From 1845 to 1853 he was horticultural editor of the Genesee Farmer, and later was editor of the Horticulturist until 1855. He was also a frequent contributor to the American Agriculturist and other journals. In 1851 he published The Fruit Garden, an illustrated treatise on the physiology of fruit trees, theory and practise of fruit growing, preserving of fruits, control of diseases and insects, the use of implements. This book was written in a clear and systematic style, with special reference to requirements of small plantations on farms or in villages and towns. With revisions it passed through a number of editions. From 1872 it was called Barry's Fruit Garden.

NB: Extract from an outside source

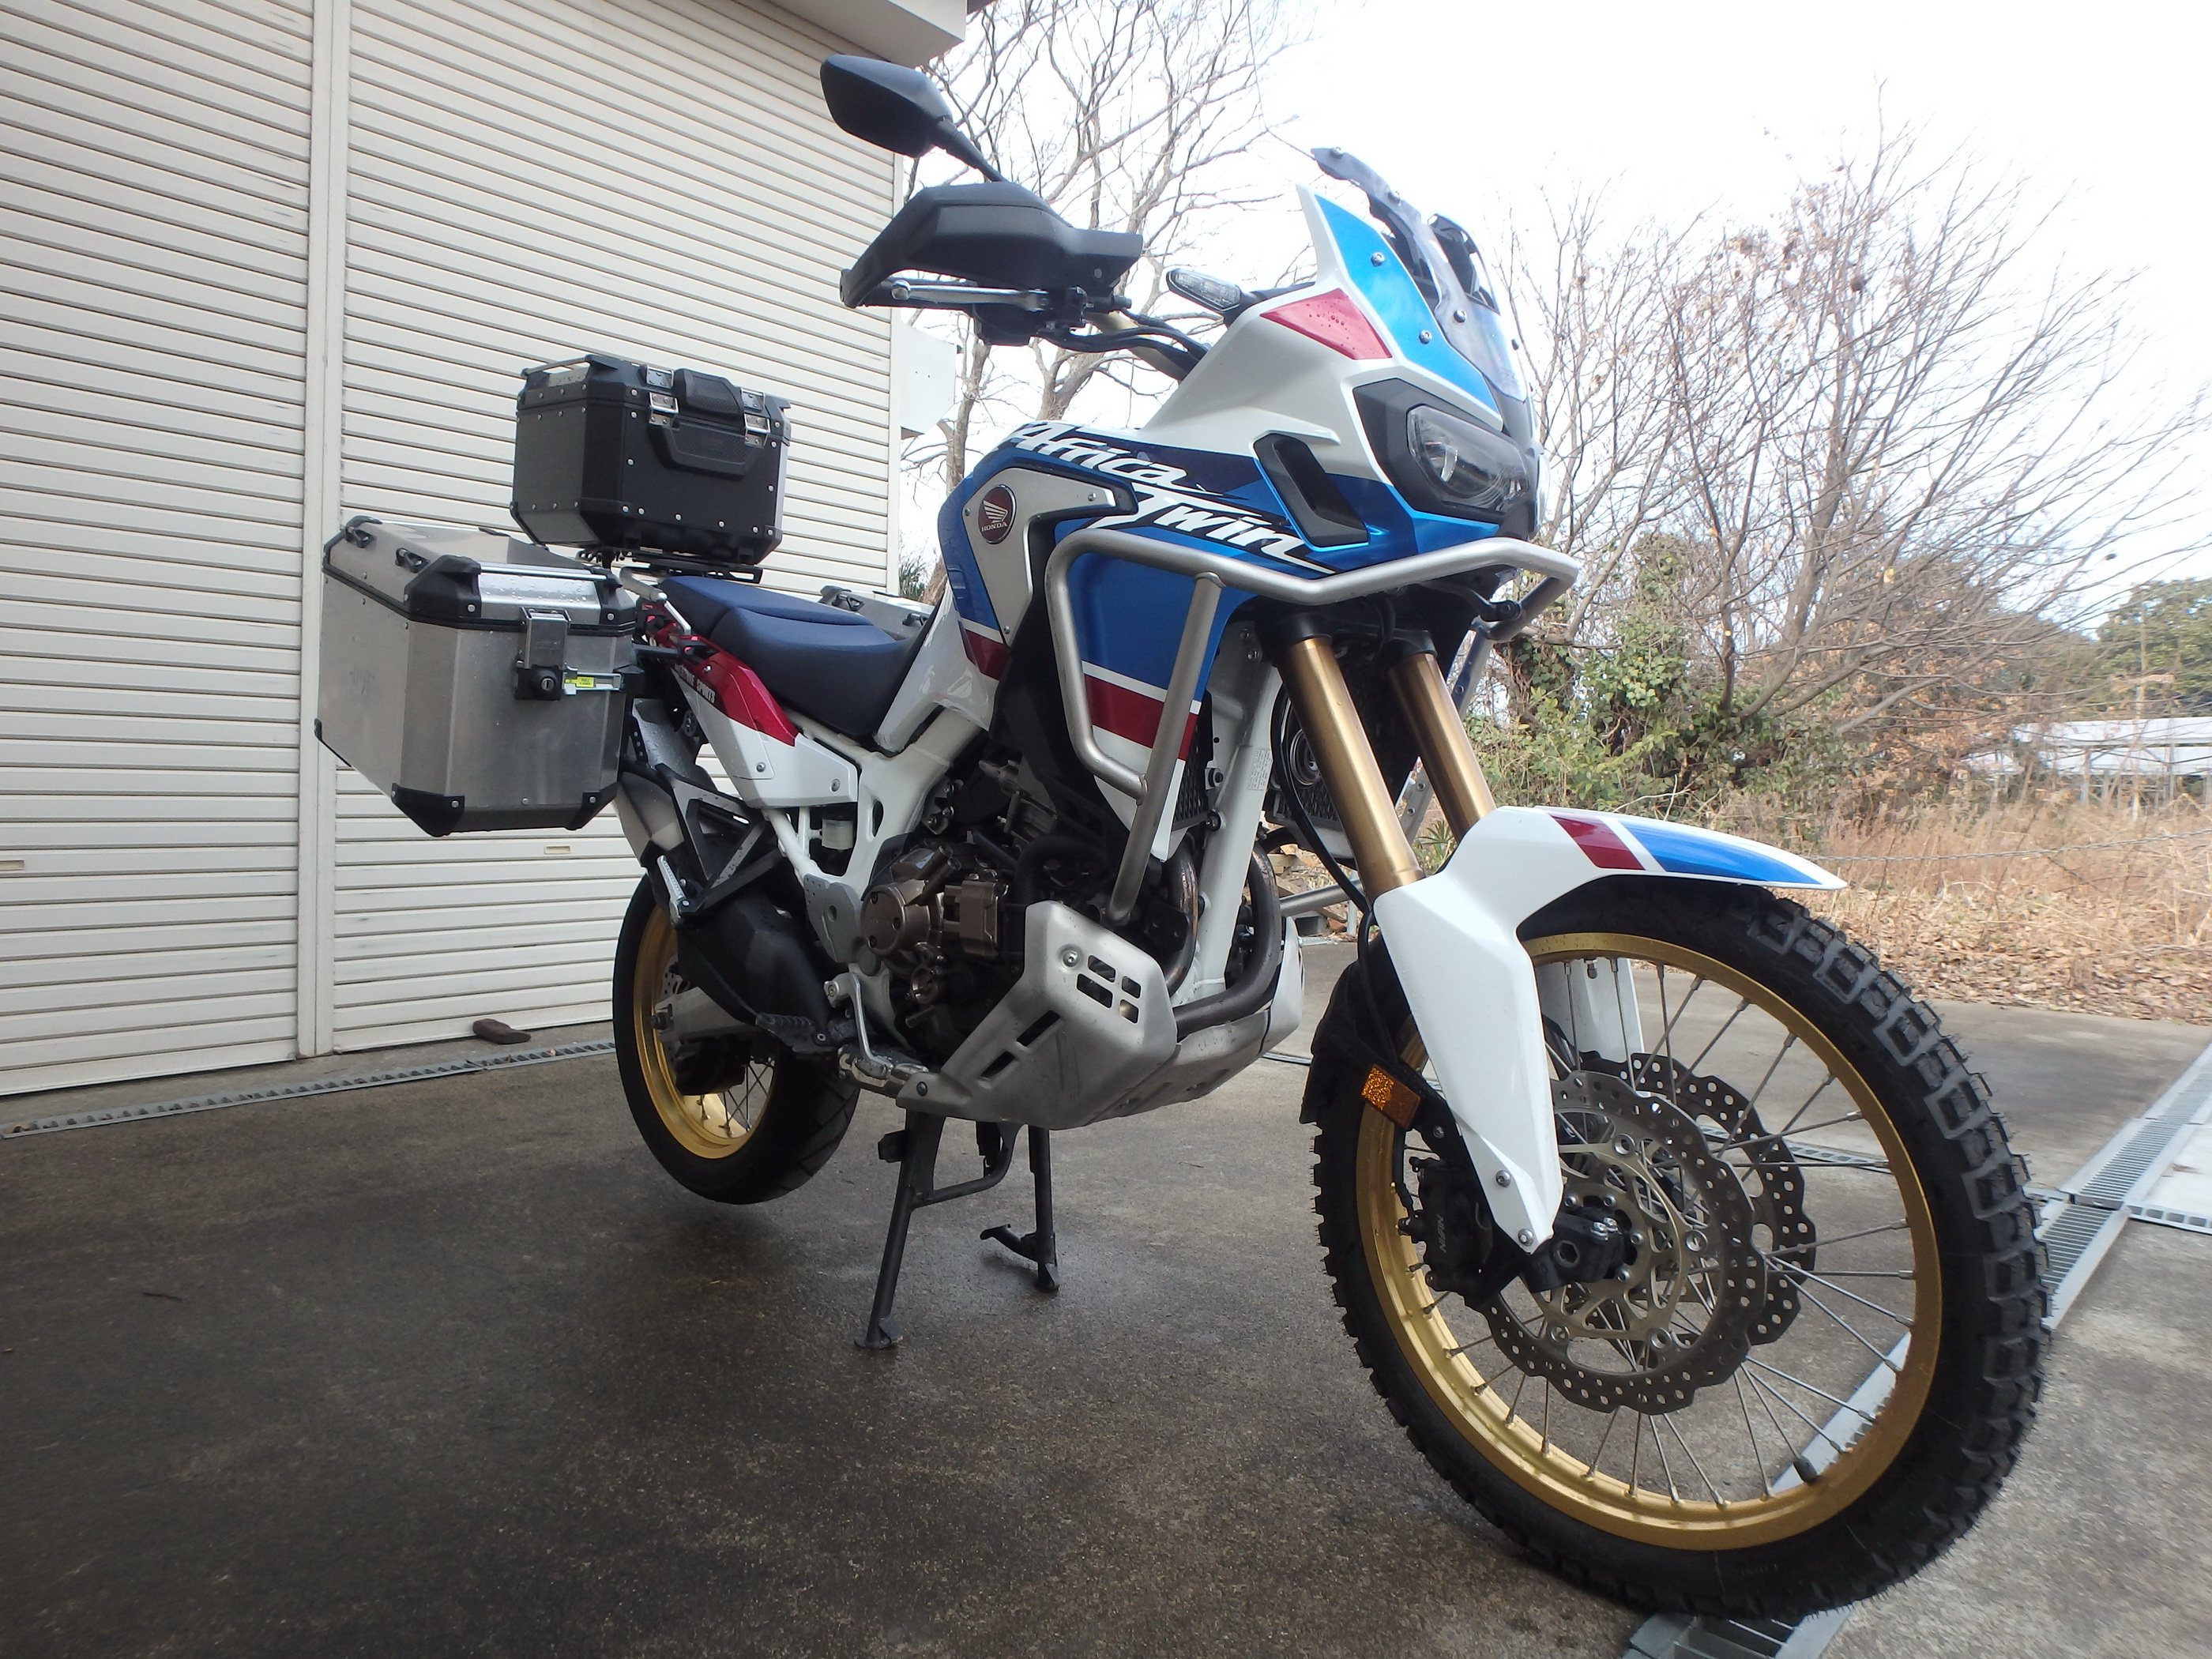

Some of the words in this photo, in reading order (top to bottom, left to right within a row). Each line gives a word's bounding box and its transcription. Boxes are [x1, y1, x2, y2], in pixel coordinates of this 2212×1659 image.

With increasing wealth he engaged in banking and other commercial activities and was also prominent in the civic life of Rochester.
He was a secretary of the national convention of fruit growers in 1848, out of which grew the American Pomological Society in 1852. As chairman of a committee he helped prepare the society's classified Catalogue of Fruits in 1862, which he revised and enlarged in succeeding years, making it the standard authority on this subject. Under his leadership the Fruit Growers Society of Western New York was organized in 1855 and he was chairman of its executive committee until its name was changed in 1870 to Western New York Horticultural Society. He was also president of the New York State Agricultural Society in 1877 and from 1882 to 1889 member of the first board of control of the New York State Agricultural Experiment Station at Geneva.
In 1847 he married Harriet Huestis of Richfield, Otsego County, New York, by whom he had six sons and two daughters. His son, William C. Barry, succeeded his father in the nursery business and other enterprises.